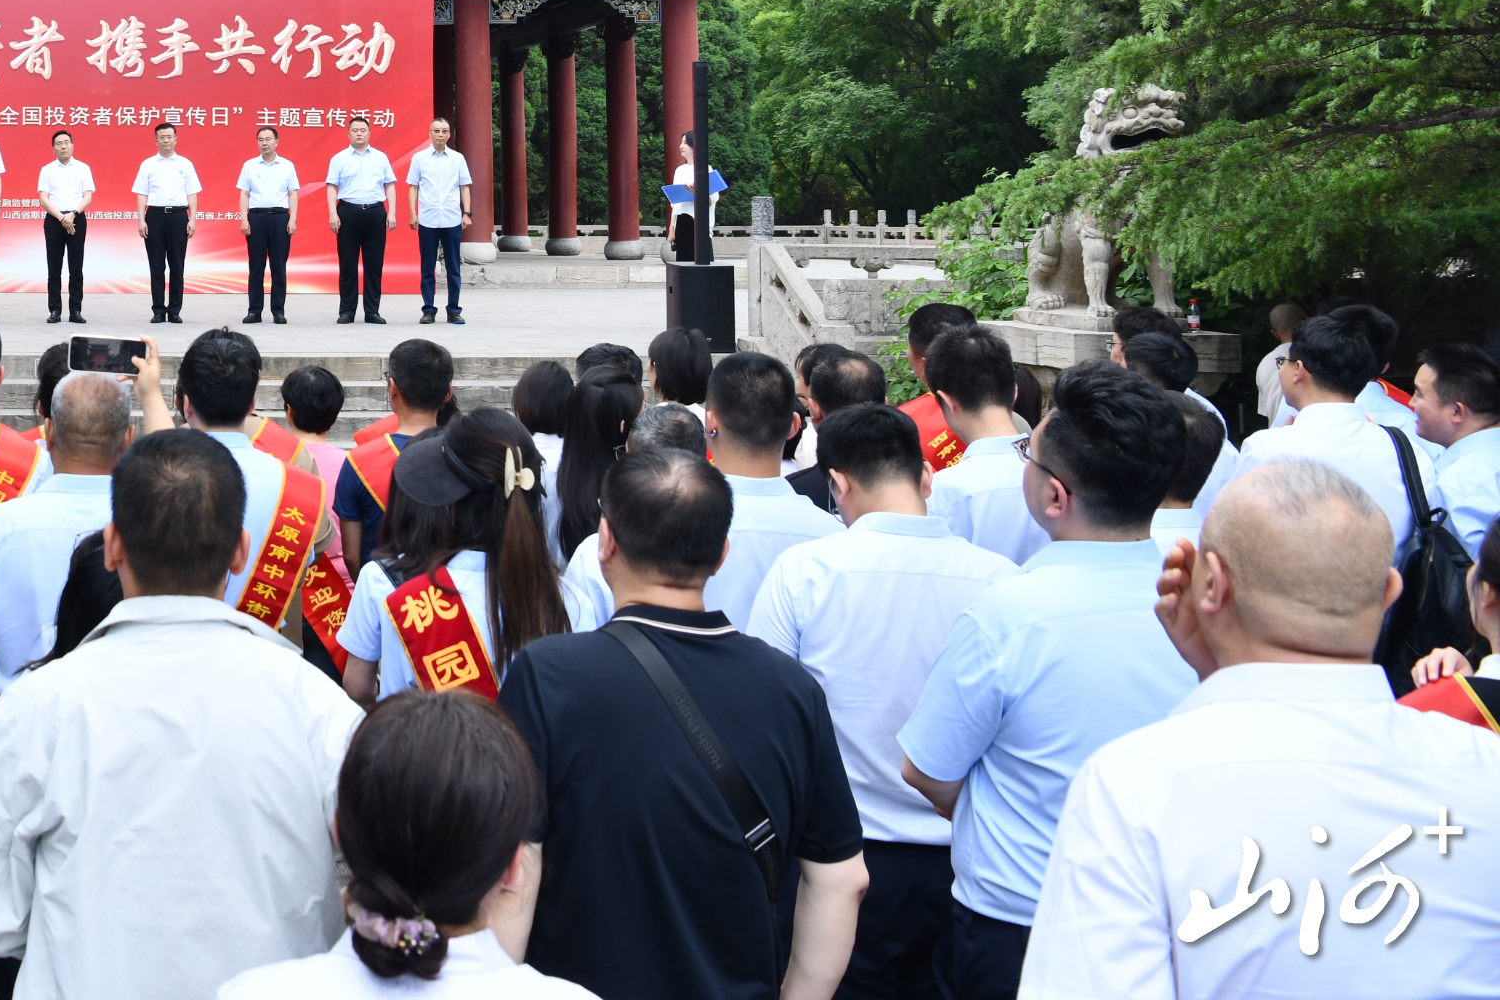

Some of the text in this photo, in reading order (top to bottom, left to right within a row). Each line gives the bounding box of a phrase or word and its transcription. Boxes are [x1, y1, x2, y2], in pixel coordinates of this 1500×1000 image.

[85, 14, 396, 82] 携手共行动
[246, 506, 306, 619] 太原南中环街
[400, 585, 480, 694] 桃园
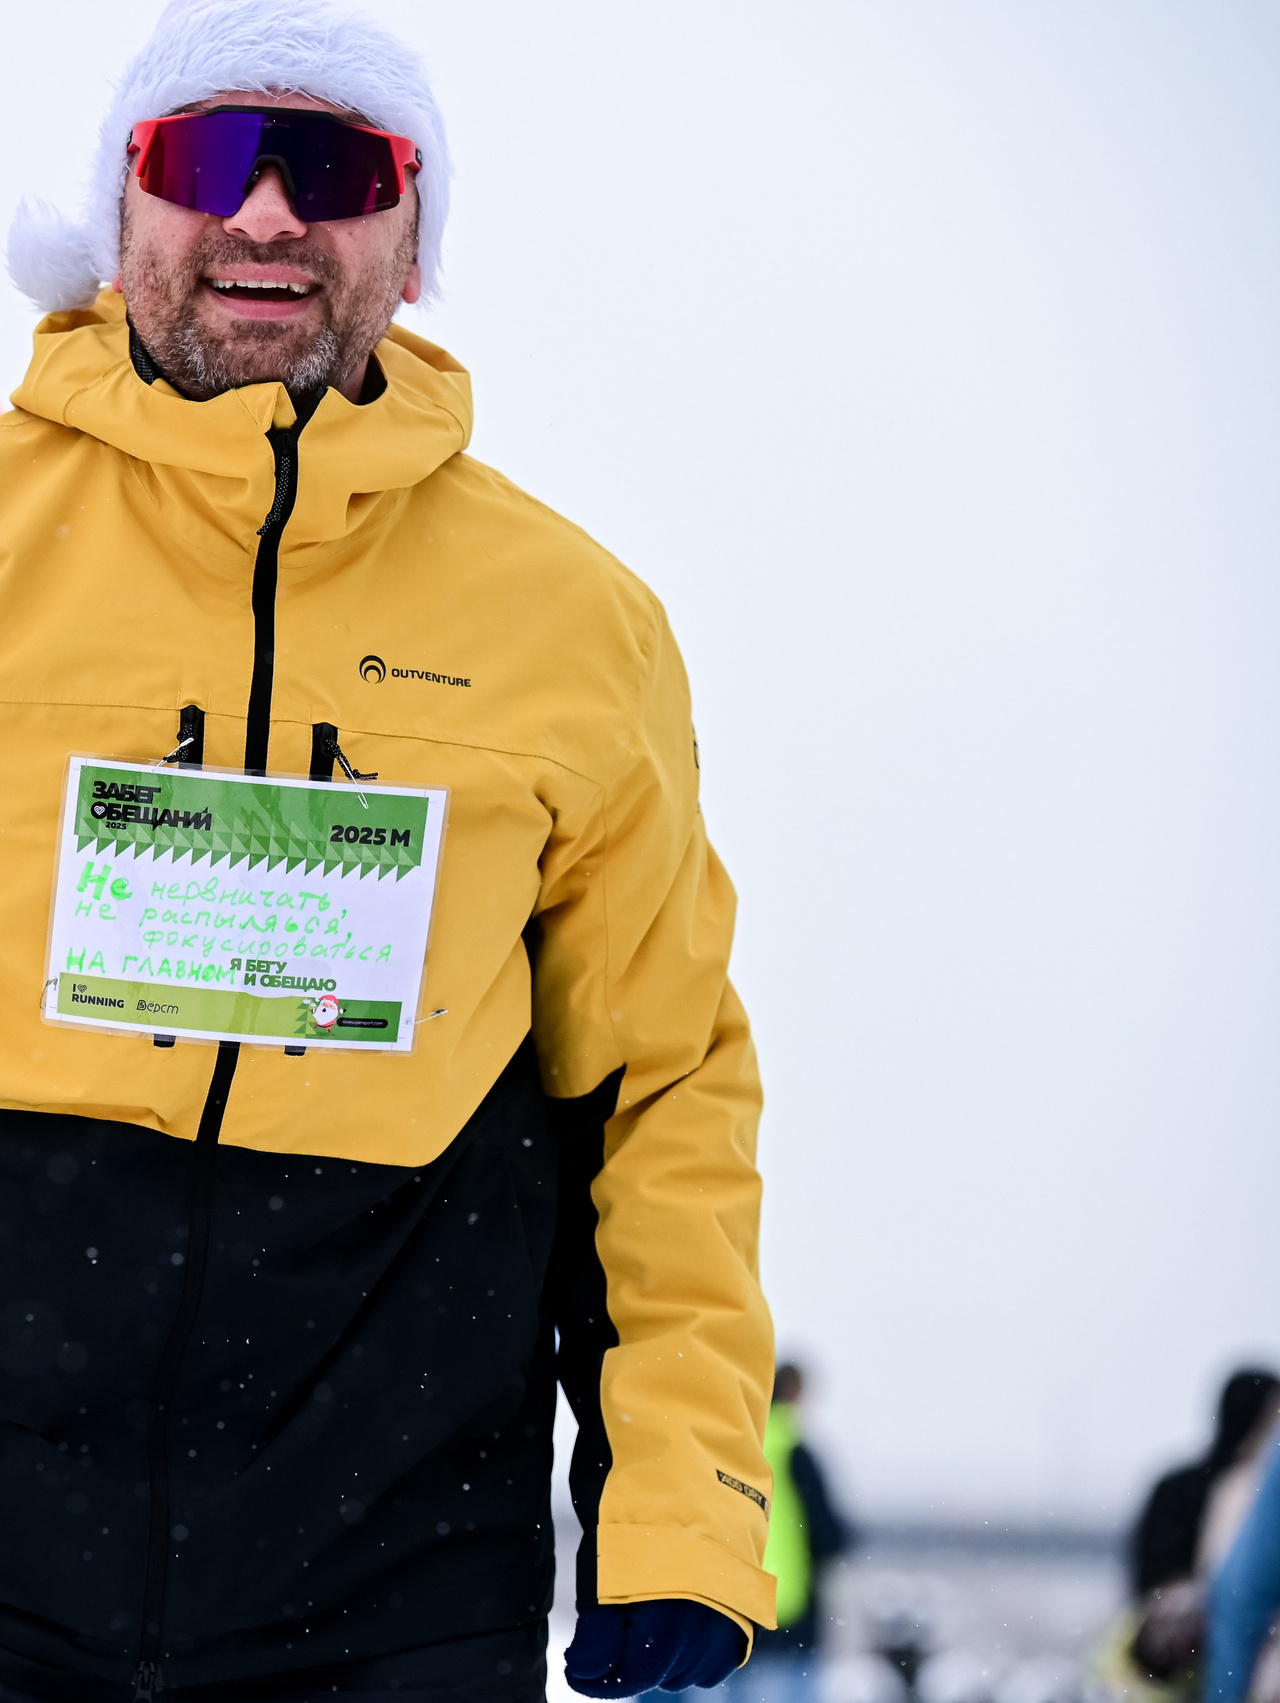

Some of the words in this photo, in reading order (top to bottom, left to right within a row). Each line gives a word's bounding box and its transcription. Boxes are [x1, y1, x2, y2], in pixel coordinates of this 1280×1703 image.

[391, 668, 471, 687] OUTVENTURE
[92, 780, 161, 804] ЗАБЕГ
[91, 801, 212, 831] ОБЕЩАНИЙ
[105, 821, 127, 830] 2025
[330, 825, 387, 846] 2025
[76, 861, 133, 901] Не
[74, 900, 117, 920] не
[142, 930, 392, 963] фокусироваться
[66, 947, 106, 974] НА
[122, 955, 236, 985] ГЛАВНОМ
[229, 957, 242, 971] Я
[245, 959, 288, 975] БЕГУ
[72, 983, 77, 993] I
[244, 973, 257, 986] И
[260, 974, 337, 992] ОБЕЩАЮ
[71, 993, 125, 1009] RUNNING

☆ ☆ ☆ ☆ ☆

→ Exercise
Set down each of the records precisely, leaving any pictures behind.

→ Response
Some of the text in this photo, in reading order (top to bottom, left to right within a row). Each line gives the bounding box of a phrase or word and its transcription. Boxes are [x1, y1, x2, y2], in pixel coordinates of this 1500×1000 image.

[85, 14, 396, 82] 携手共行动
[246, 506, 306, 619] 太原南中环街
[400, 585, 480, 694] 桃园

Some of the words in this photo, in reading order (top to bottom, left to right within a row). Each line gives a word's bounding box and its transcription. Boxes are [x1, y1, x2, y2], in pixel coordinates of this 1280×1703 image.

[391, 668, 471, 687] OUTVENTURE
[92, 780, 161, 804] ЗАБЕГ
[91, 801, 212, 831] ОБЕЩАНИЙ
[105, 821, 127, 830] 2025
[330, 825, 387, 846] 2025
[76, 861, 133, 901] Не
[74, 900, 117, 920] не
[142, 930, 392, 963] фокусироваться
[66, 947, 106, 974] НА
[122, 955, 236, 985] ГЛАВНОМ
[229, 957, 242, 971] Я
[245, 959, 288, 975] БЕГУ
[72, 983, 77, 993] I
[244, 973, 257, 986] И
[260, 974, 337, 992] ОБЕЩАЮ
[71, 993, 125, 1009] RUNNING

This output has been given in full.